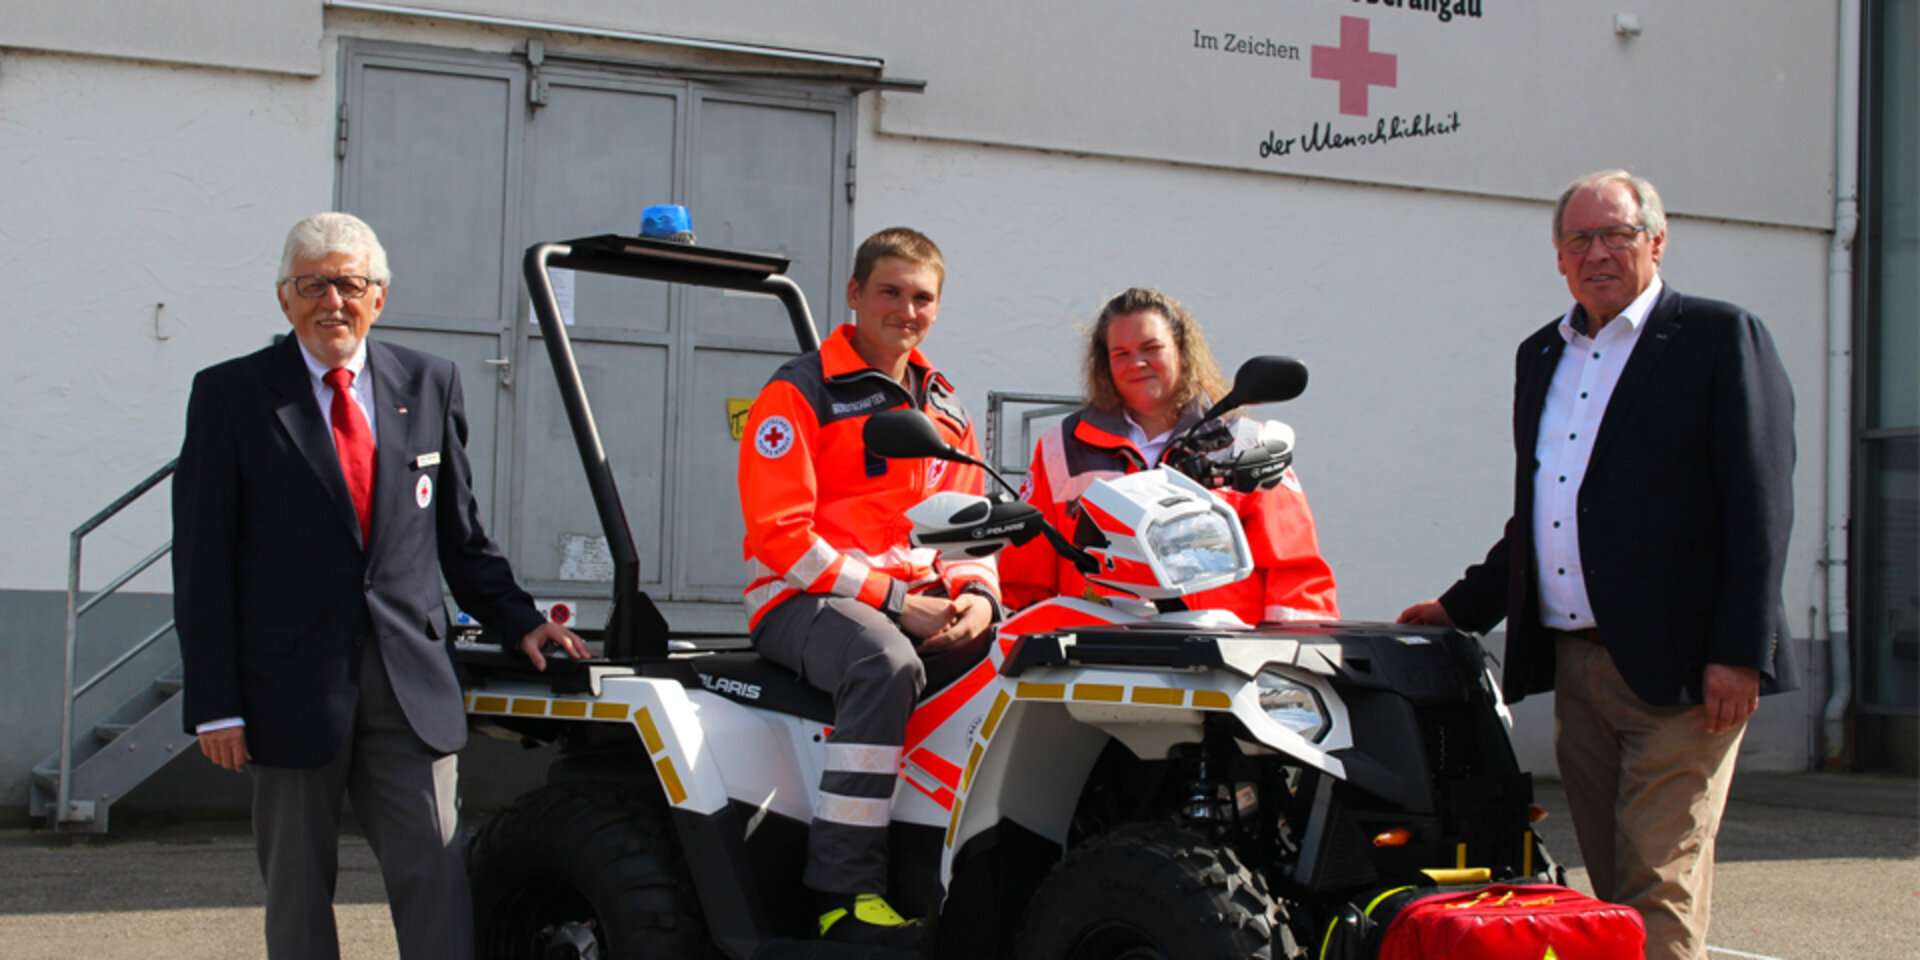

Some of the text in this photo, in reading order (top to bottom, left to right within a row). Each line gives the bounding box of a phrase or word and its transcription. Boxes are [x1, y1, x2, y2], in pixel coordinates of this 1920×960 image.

[1193, 30, 1300, 60] Im Zeichen
[1259, 112, 1461, 158] der Menschlichkeit
[986, 521, 1026, 536] POLARIS
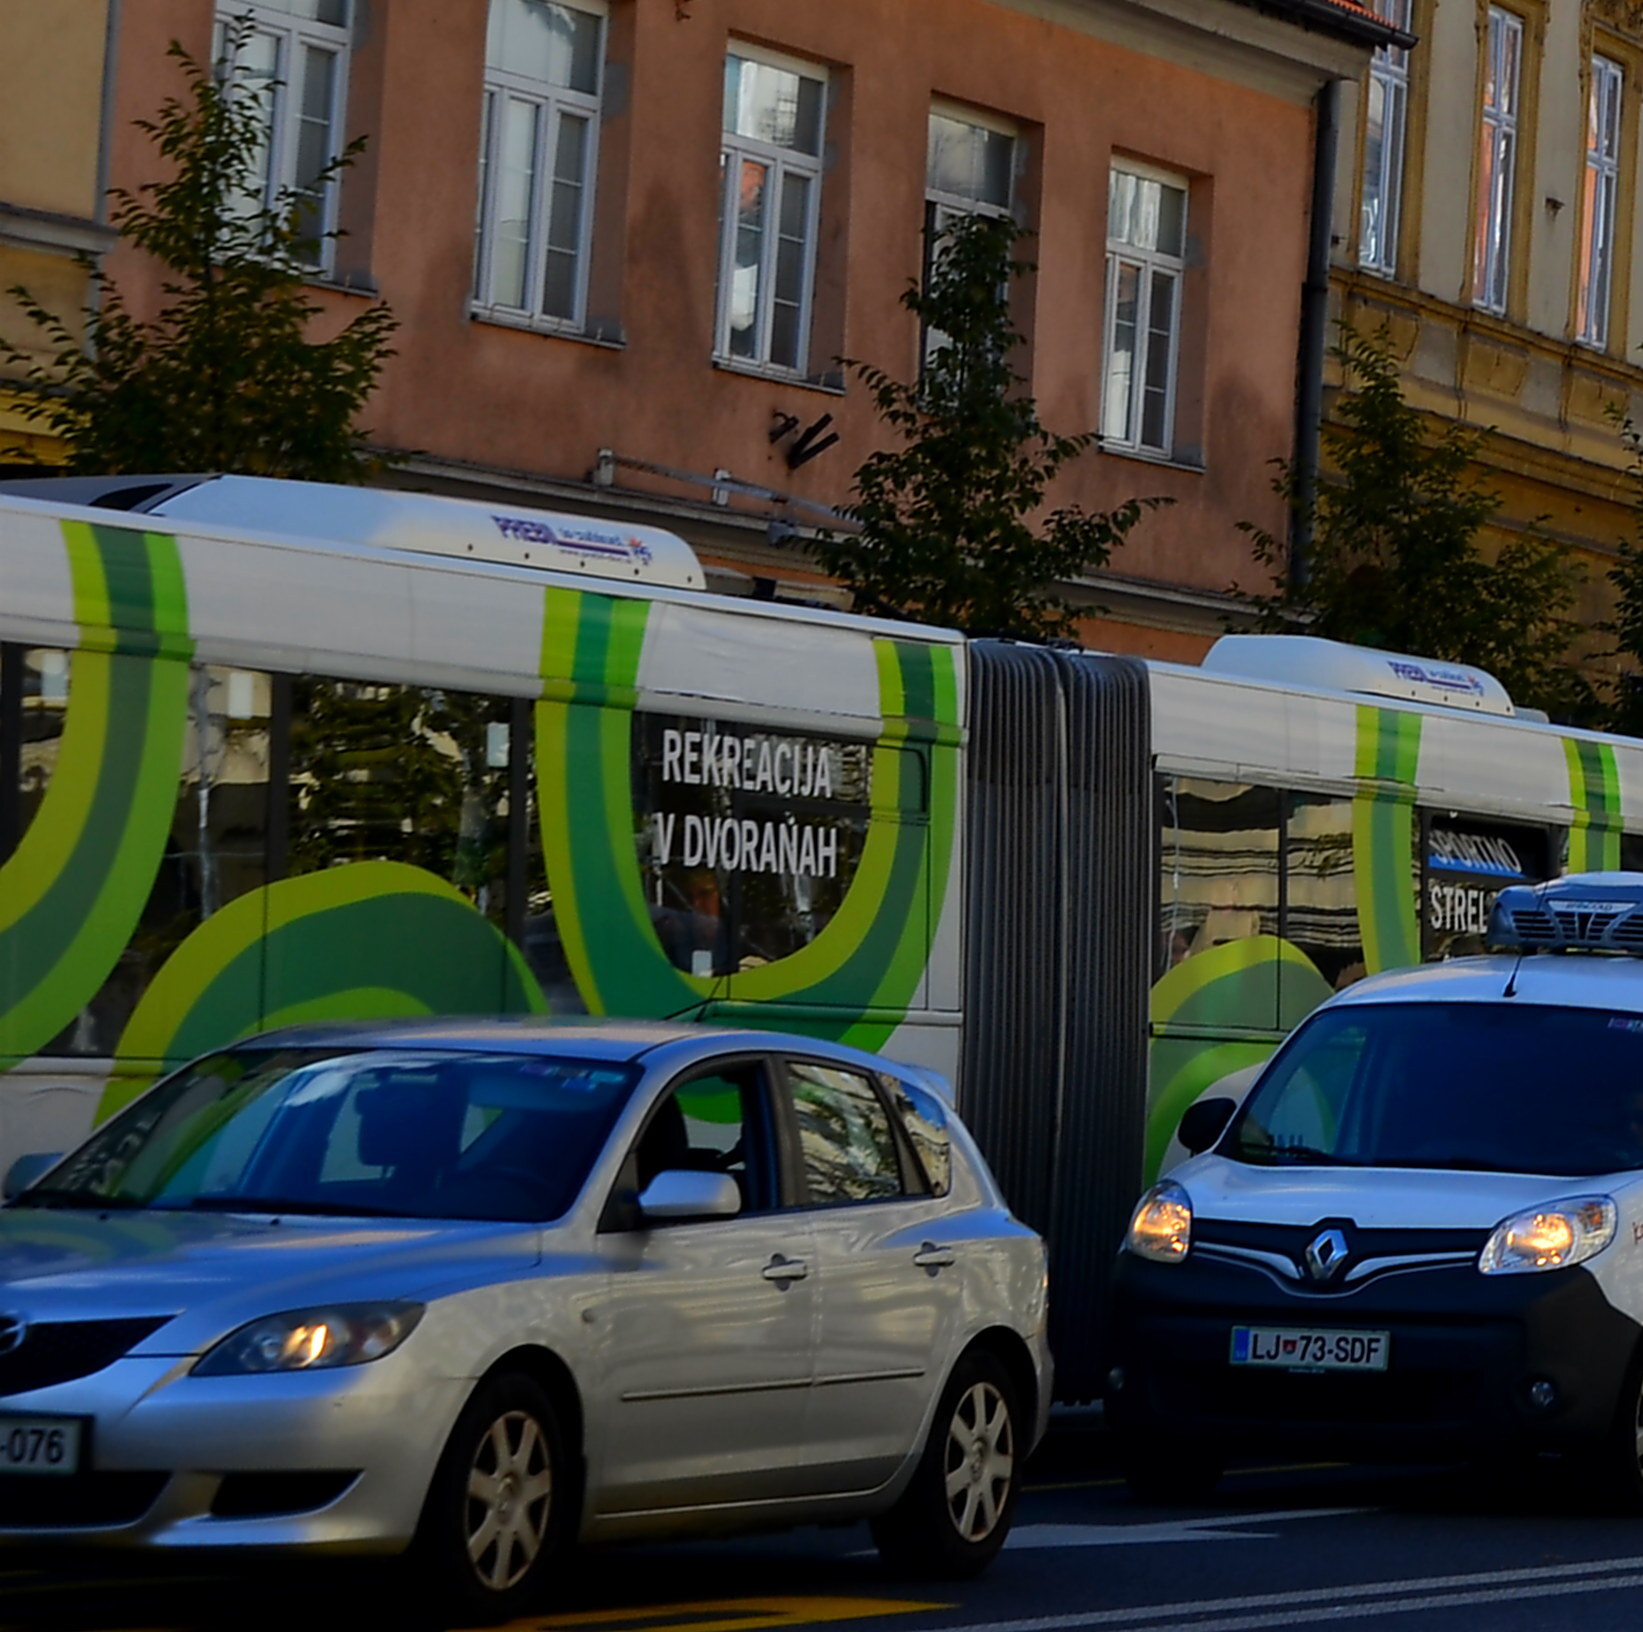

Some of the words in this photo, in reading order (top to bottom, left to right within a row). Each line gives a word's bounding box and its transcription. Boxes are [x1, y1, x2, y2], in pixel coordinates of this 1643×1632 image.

[663, 729, 832, 799] REKREACIJA
[653, 811, 675, 865] V
[683, 814, 837, 879] DVORANAH
[1430, 885, 1491, 935] STREL
[1251, 1334, 1281, 1360] LJ
[1299, 1335, 1381, 1364] 73-SDF

■ EXERCISE AIM ■
With the pictures left out, return the listing above exactly as it stands.

■ WRITTEN ANSWER ■
Some of the text in this photo, in reading order (top to bottom, left to right within a row). Each line gives the bounding box of a phrase or word and its transcription. Boxes are [x1, y1, x2, y2], in pixel coordinates of this 1920×960 image.

[1193, 30, 1300, 60] Im Zeichen
[1259, 112, 1461, 158] der Menschlichkeit
[986, 521, 1026, 536] POLARIS

Some of the words in this photo, in reading order (top to bottom, left to right within a row). Each line gives a word's bounding box and its transcription. Boxes are [x1, y1, x2, y2], in pixel coordinates of this 1643×1632 image.

[663, 729, 832, 799] REKREACIJA
[653, 811, 675, 865] V
[683, 814, 837, 879] DVORANAH
[1430, 885, 1491, 935] STREL
[1251, 1334, 1281, 1360] LJ
[1299, 1335, 1381, 1364] 73-SDF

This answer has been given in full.